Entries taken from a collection
-----

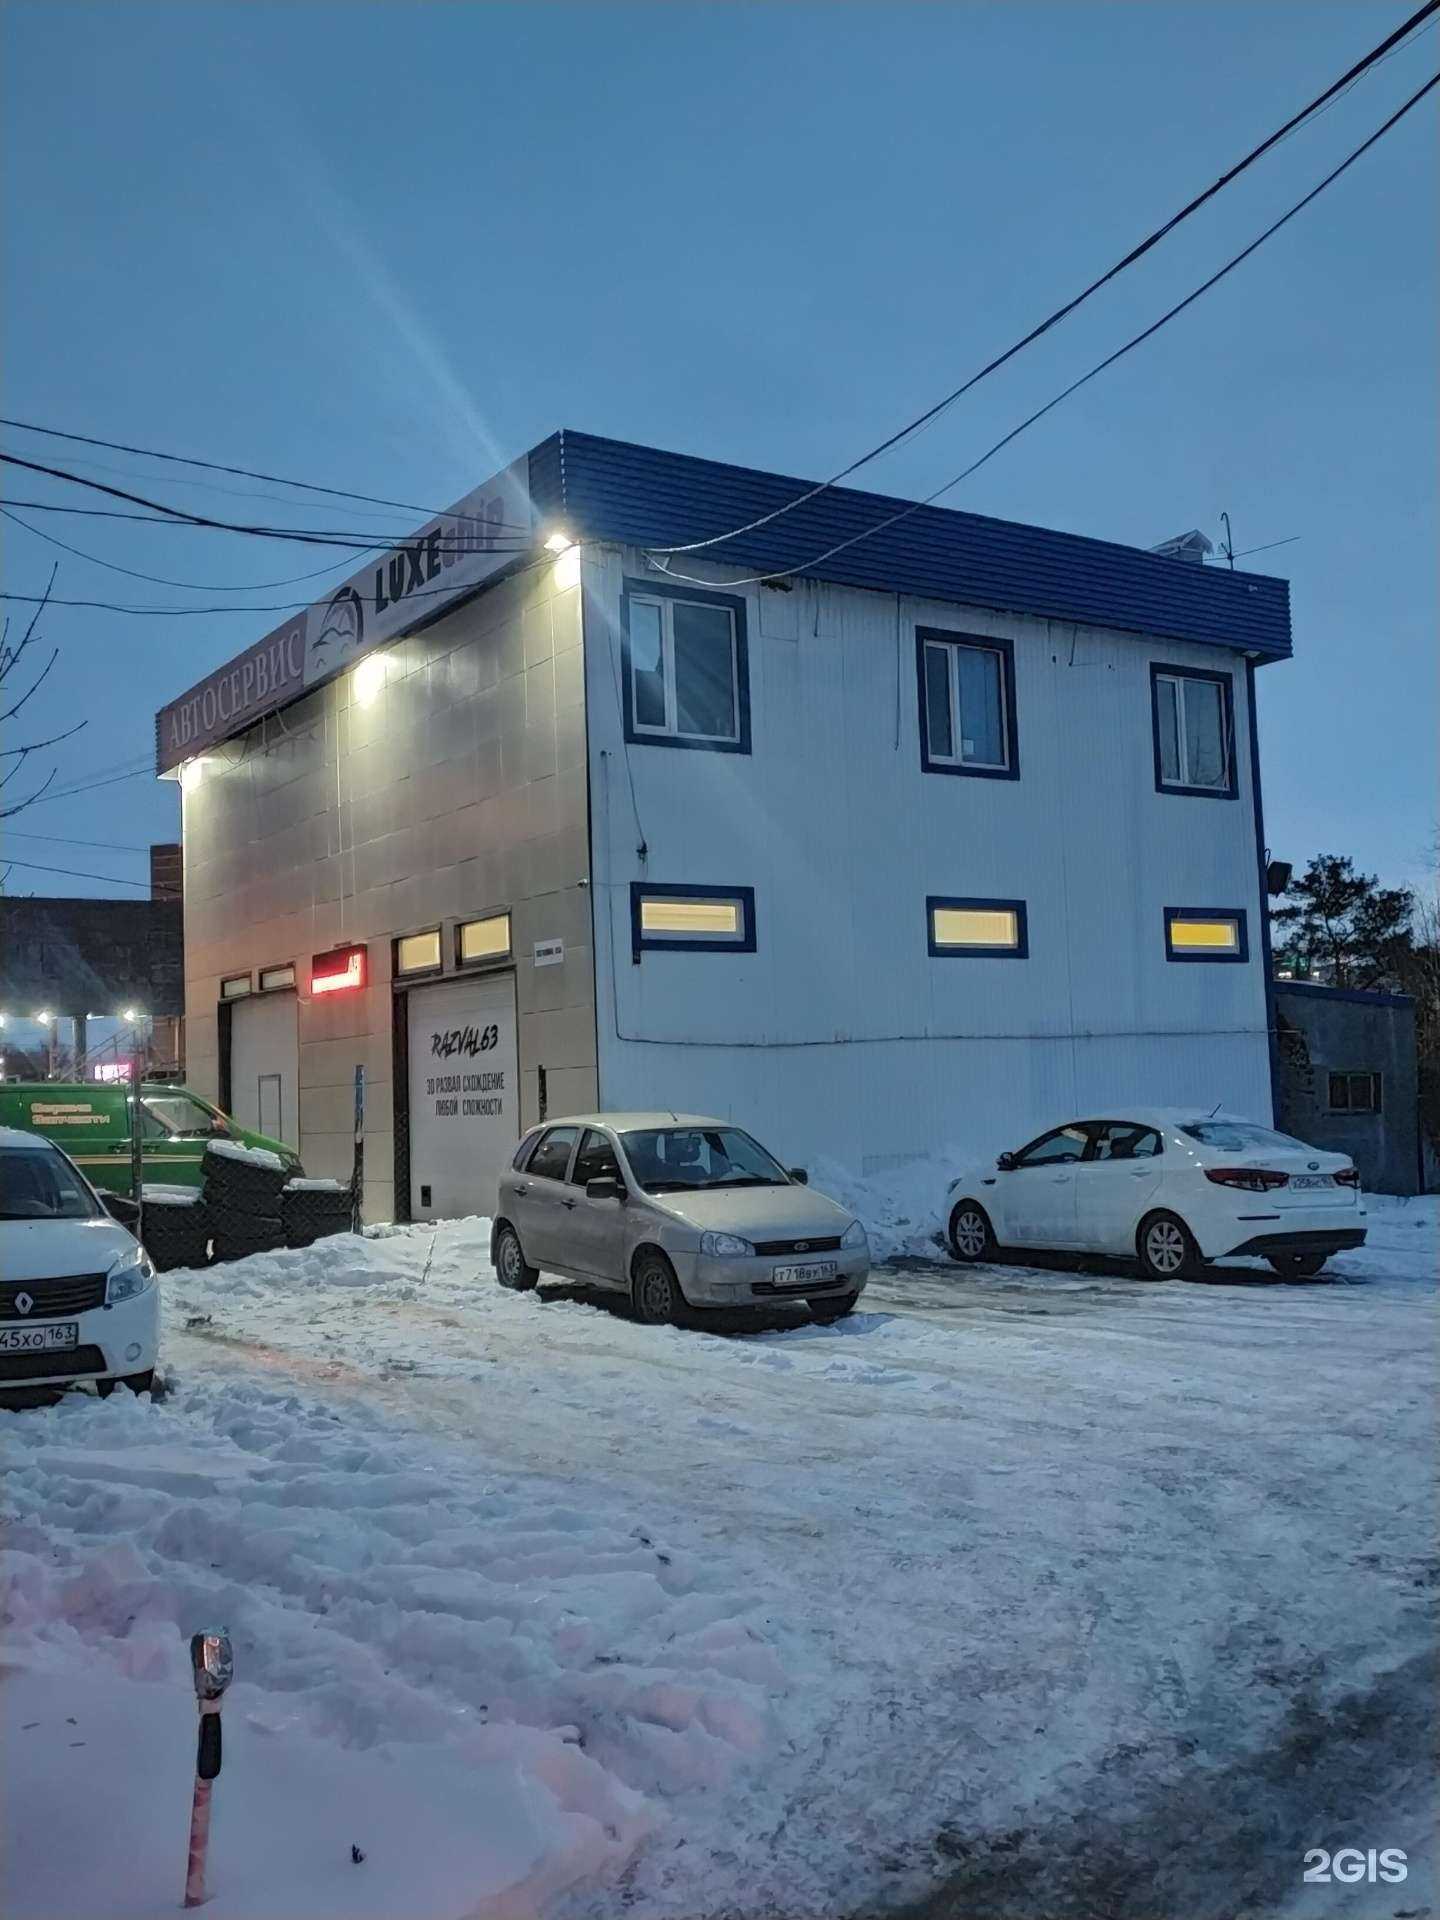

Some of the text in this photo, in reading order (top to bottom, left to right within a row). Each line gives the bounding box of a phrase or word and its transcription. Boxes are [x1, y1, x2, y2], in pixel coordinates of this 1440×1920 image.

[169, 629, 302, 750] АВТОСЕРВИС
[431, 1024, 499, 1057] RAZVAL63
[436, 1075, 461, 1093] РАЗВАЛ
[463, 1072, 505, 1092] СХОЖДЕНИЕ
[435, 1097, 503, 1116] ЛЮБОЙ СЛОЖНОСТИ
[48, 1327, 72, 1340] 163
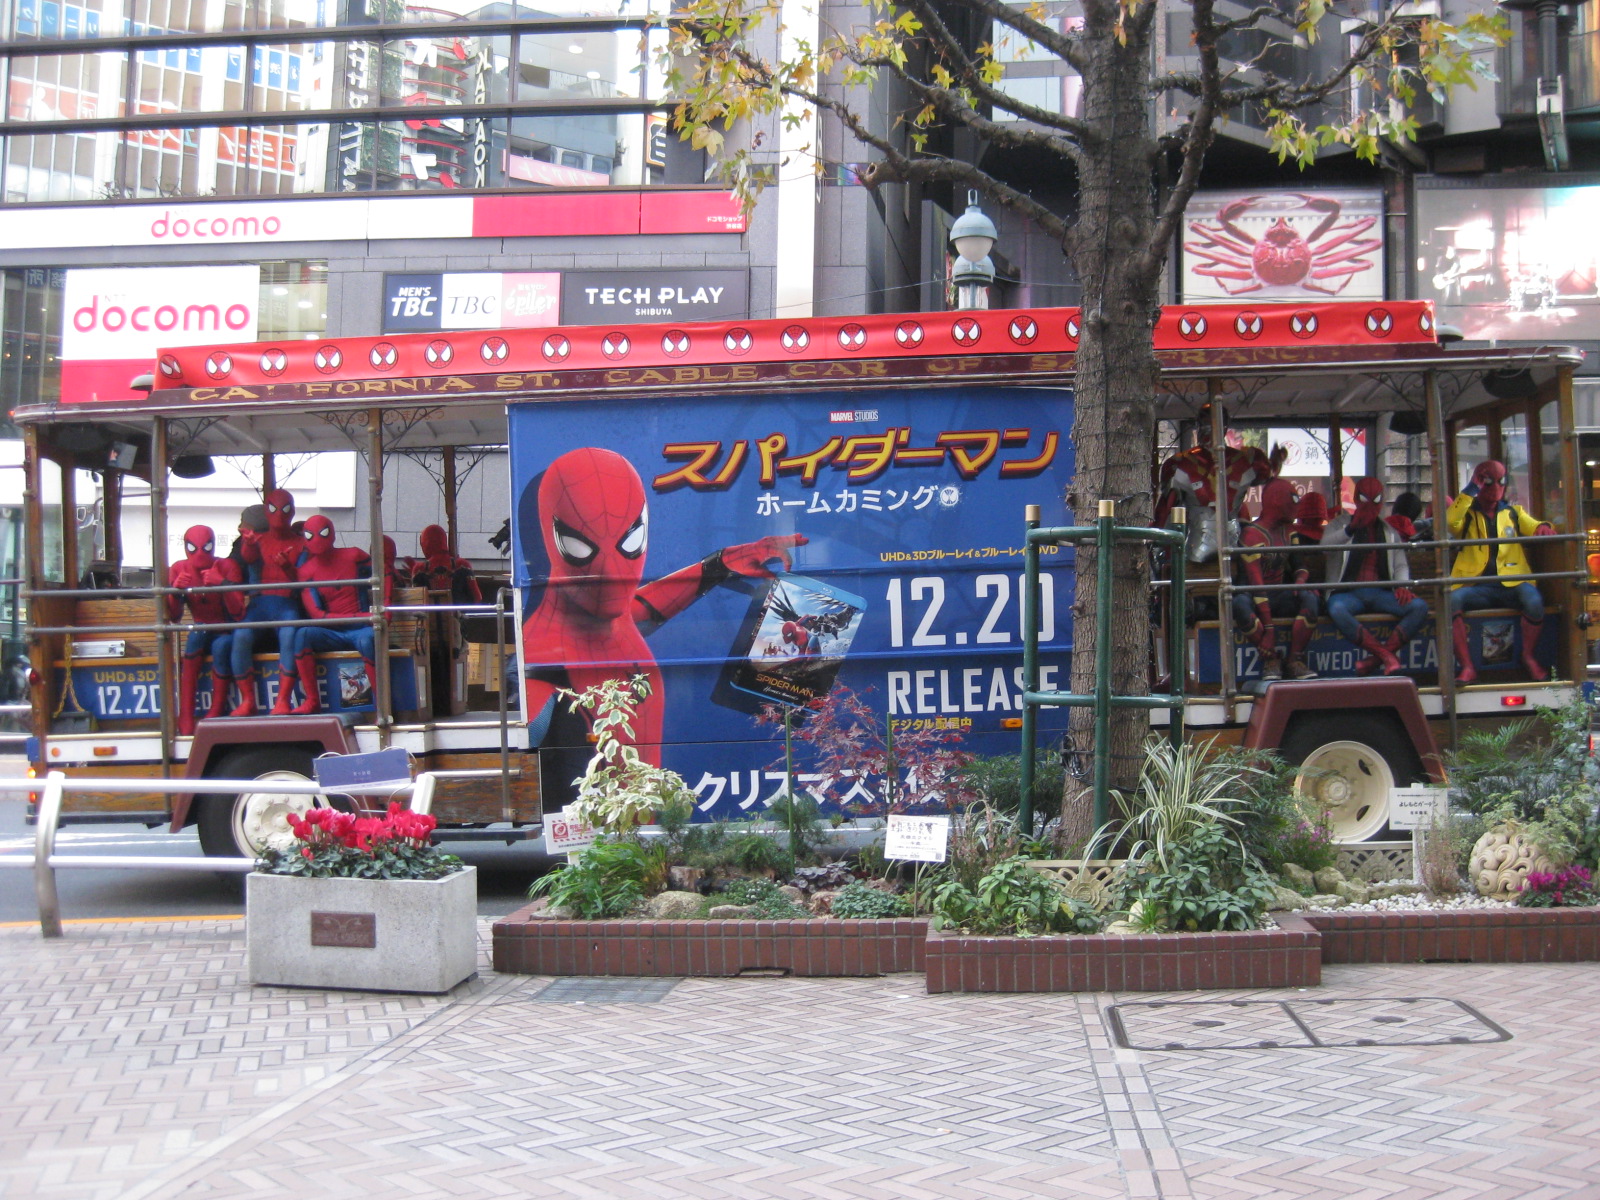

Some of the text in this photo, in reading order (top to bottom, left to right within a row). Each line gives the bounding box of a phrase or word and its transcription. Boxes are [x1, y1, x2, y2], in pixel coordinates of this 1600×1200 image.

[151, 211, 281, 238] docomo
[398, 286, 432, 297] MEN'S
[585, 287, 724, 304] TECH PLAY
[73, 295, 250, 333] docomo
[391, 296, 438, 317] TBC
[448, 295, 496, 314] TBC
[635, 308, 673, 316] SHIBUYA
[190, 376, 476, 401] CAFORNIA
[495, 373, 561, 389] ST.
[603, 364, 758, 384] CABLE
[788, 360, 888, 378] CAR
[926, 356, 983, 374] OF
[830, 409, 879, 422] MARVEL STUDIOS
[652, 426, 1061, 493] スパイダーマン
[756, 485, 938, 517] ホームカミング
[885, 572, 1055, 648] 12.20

-----

### WHAT YOU ARE ASKED TO DO
Write out again, exactly, the line containing "this 1600×1200 image." and every later line of the records. Omit the rest.

### WRITTEN SOLUTION
Some of the text in this photo, in reading order (top to bottom, left to right within a row). Each line gives the bounding box of a phrase or word and its transcription. Boxes are [x1, y1, x2, y2], in pixel coordinates of this 1600×1200 image.

[151, 211, 281, 238] docomo
[398, 286, 432, 297] MEN'S
[585, 287, 724, 304] TECH PLAY
[73, 295, 250, 333] docomo
[391, 296, 438, 317] TBC
[448, 295, 496, 314] TBC
[635, 308, 673, 316] SHIBUYA
[190, 376, 476, 401] CAFORNIA
[495, 373, 561, 389] ST.
[603, 364, 758, 384] CABLE
[788, 360, 888, 378] CAR
[926, 356, 983, 374] OF
[830, 409, 879, 422] MARVEL STUDIOS
[652, 426, 1061, 493] スパイダーマン
[756, 485, 938, 517] ホームカミング
[885, 572, 1055, 648] 12.20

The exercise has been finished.